(Exercise goal):
Your task is to copy the data exactly while leaving out every picture.
—————
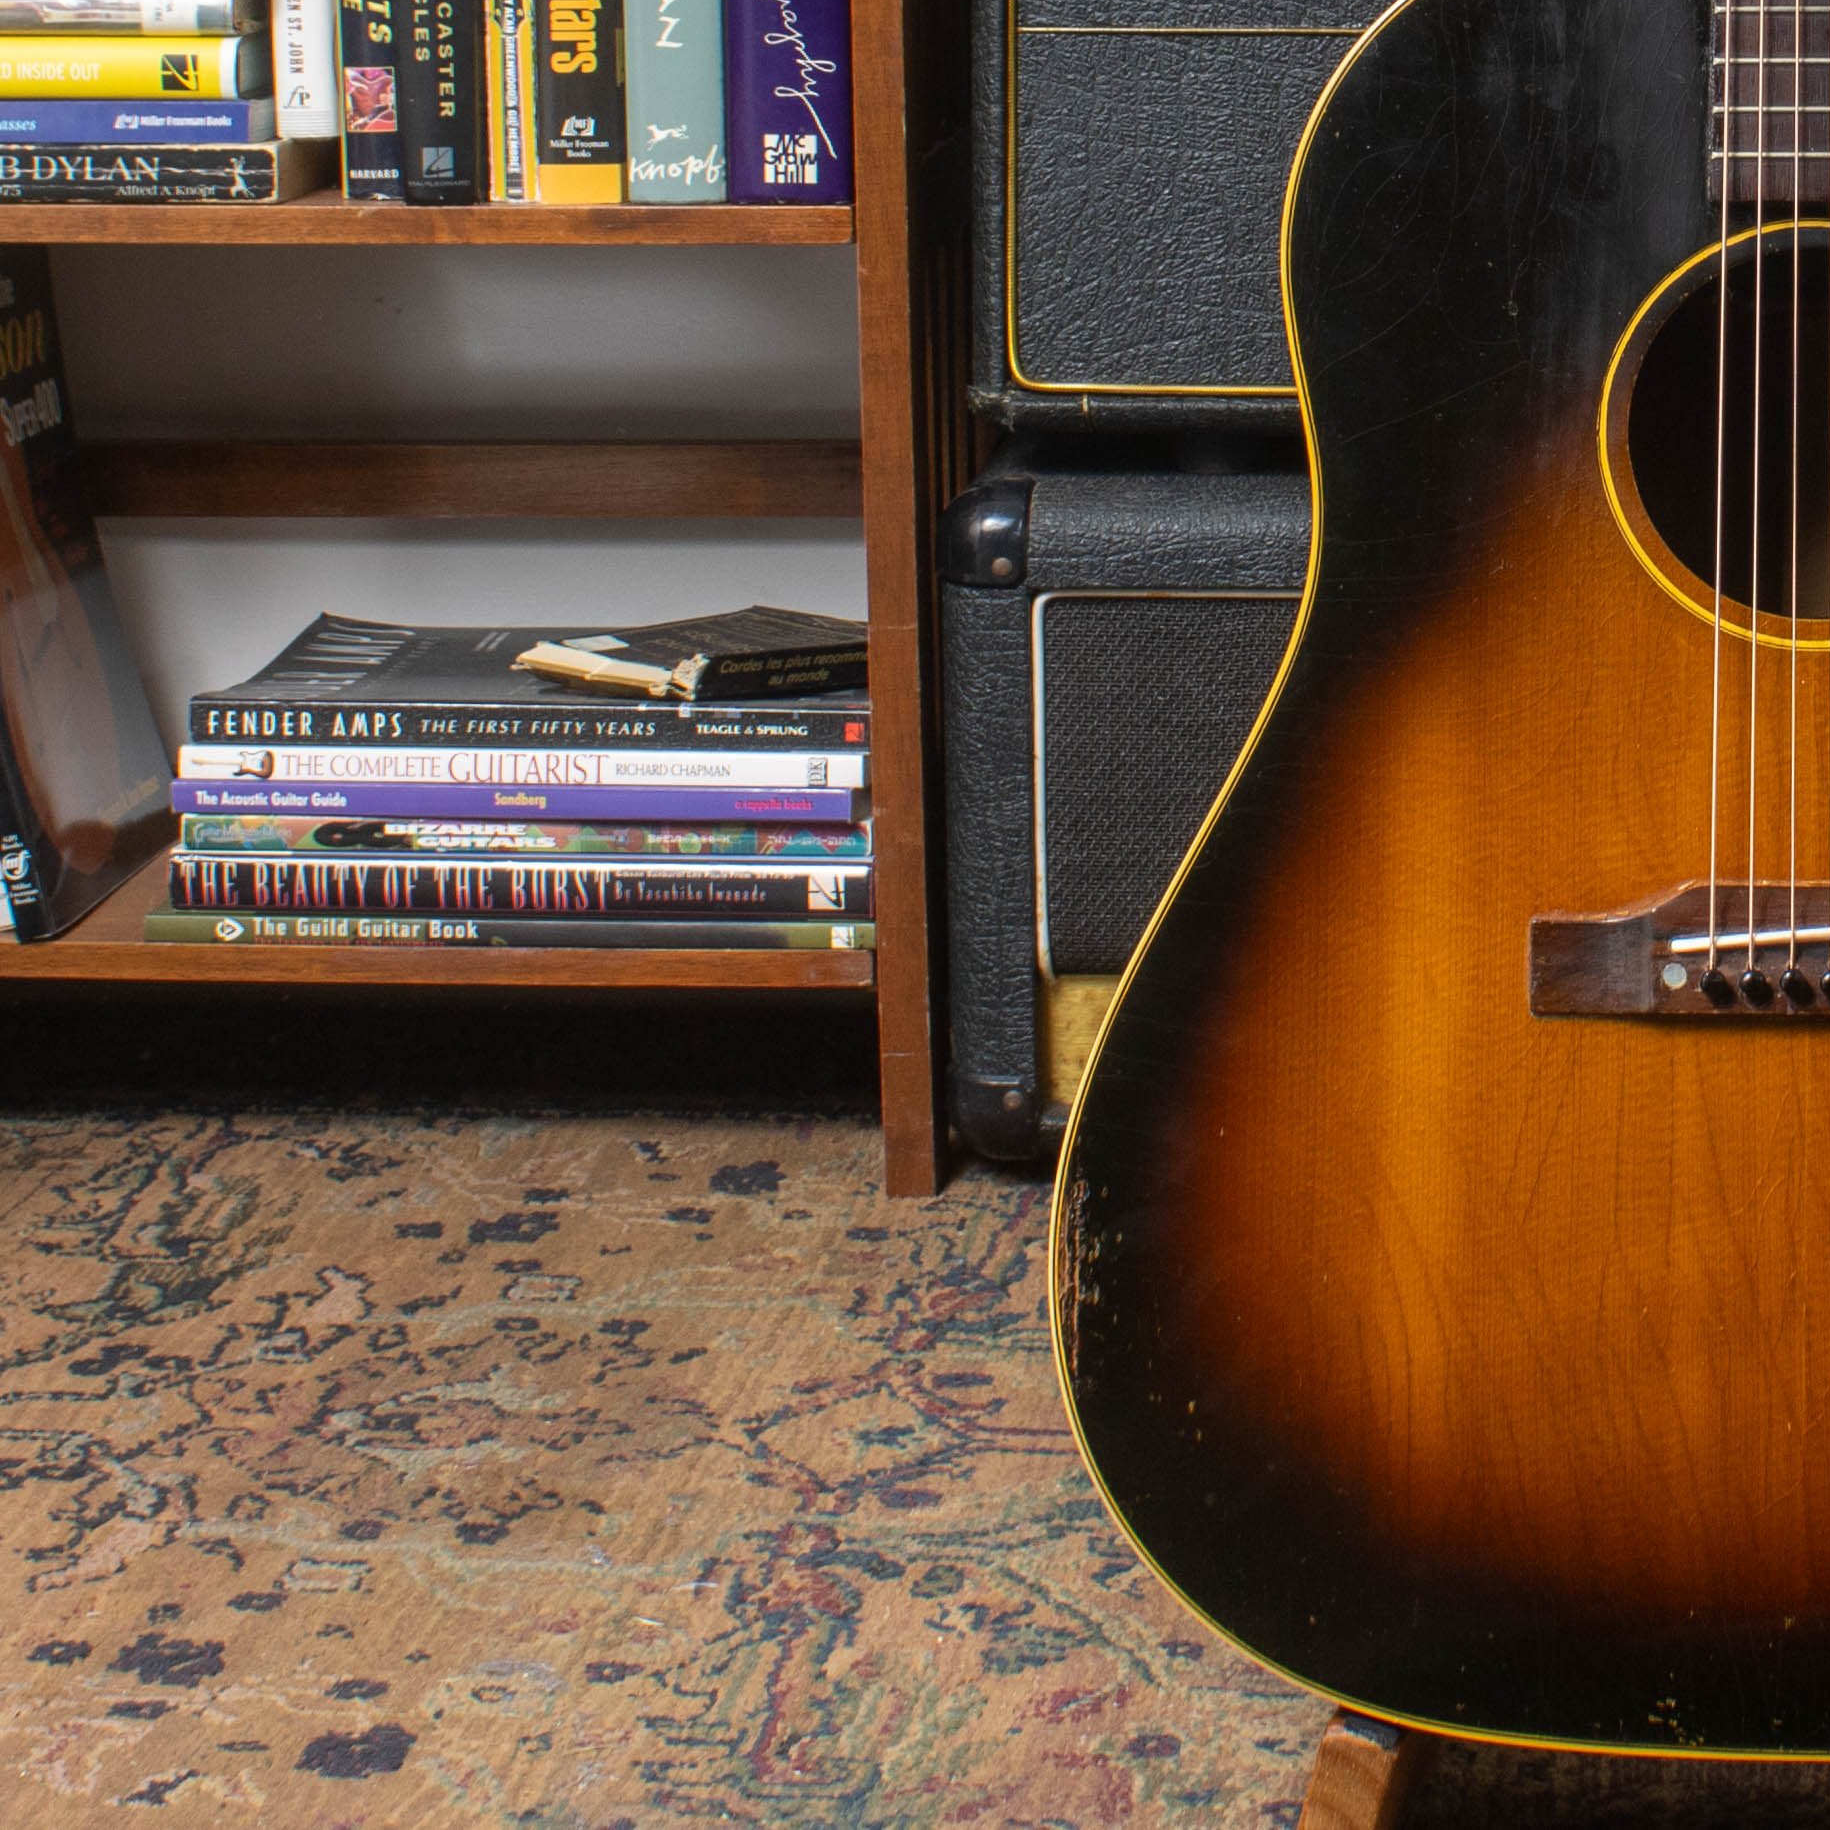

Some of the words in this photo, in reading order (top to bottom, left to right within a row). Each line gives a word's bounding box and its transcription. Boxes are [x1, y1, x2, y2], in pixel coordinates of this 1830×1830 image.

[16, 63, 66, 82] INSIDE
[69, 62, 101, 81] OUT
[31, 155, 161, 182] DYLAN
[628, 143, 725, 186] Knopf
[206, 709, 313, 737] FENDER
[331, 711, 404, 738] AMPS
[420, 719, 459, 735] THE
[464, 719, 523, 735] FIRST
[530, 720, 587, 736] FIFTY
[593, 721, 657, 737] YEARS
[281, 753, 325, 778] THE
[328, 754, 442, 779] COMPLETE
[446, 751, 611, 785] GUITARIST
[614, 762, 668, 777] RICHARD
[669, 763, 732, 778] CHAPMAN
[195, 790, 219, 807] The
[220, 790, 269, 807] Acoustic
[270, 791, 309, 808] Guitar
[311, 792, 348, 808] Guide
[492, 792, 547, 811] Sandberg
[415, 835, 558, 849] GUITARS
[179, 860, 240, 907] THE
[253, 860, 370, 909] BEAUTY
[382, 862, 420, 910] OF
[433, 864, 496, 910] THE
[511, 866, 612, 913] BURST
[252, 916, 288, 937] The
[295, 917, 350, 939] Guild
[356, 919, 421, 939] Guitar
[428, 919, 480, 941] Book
—————
(Output):
Some of the words in this photo, in reading order (top to bottom, left to right within a row). Each line gives a word's bounding box and its transcription. Boxes are [x1, y1, x2, y2], in pixel coordinates of this 1830×1830 image.

[16, 63, 66, 82] INSIDE
[69, 62, 101, 81] OUT
[31, 155, 161, 182] DYLAN
[628, 143, 725, 186] Knopf
[206, 709, 313, 737] FENDER
[331, 711, 404, 738] AMPS
[420, 719, 459, 735] THE
[464, 719, 523, 735] FIRST
[530, 720, 587, 736] FIFTY
[593, 721, 657, 737] YEARS
[281, 753, 325, 778] THE
[328, 754, 442, 779] COMPLETE
[446, 751, 611, 785] GUITARIST
[614, 762, 668, 777] RICHARD
[669, 763, 732, 778] CHAPMAN
[195, 790, 219, 807] The
[220, 790, 269, 807] Acoustic
[270, 791, 309, 808] Guitar
[311, 792, 348, 808] Guide
[492, 792, 547, 811] Sandberg
[415, 835, 558, 849] GUITARS
[179, 860, 240, 907] THE
[253, 860, 370, 909] BEAUTY
[382, 862, 420, 910] OF
[433, 864, 496, 910] THE
[511, 866, 612, 913] BURST
[252, 916, 288, 937] The
[295, 917, 350, 939] Guild
[356, 919, 421, 939] Guitar
[428, 919, 480, 941] Book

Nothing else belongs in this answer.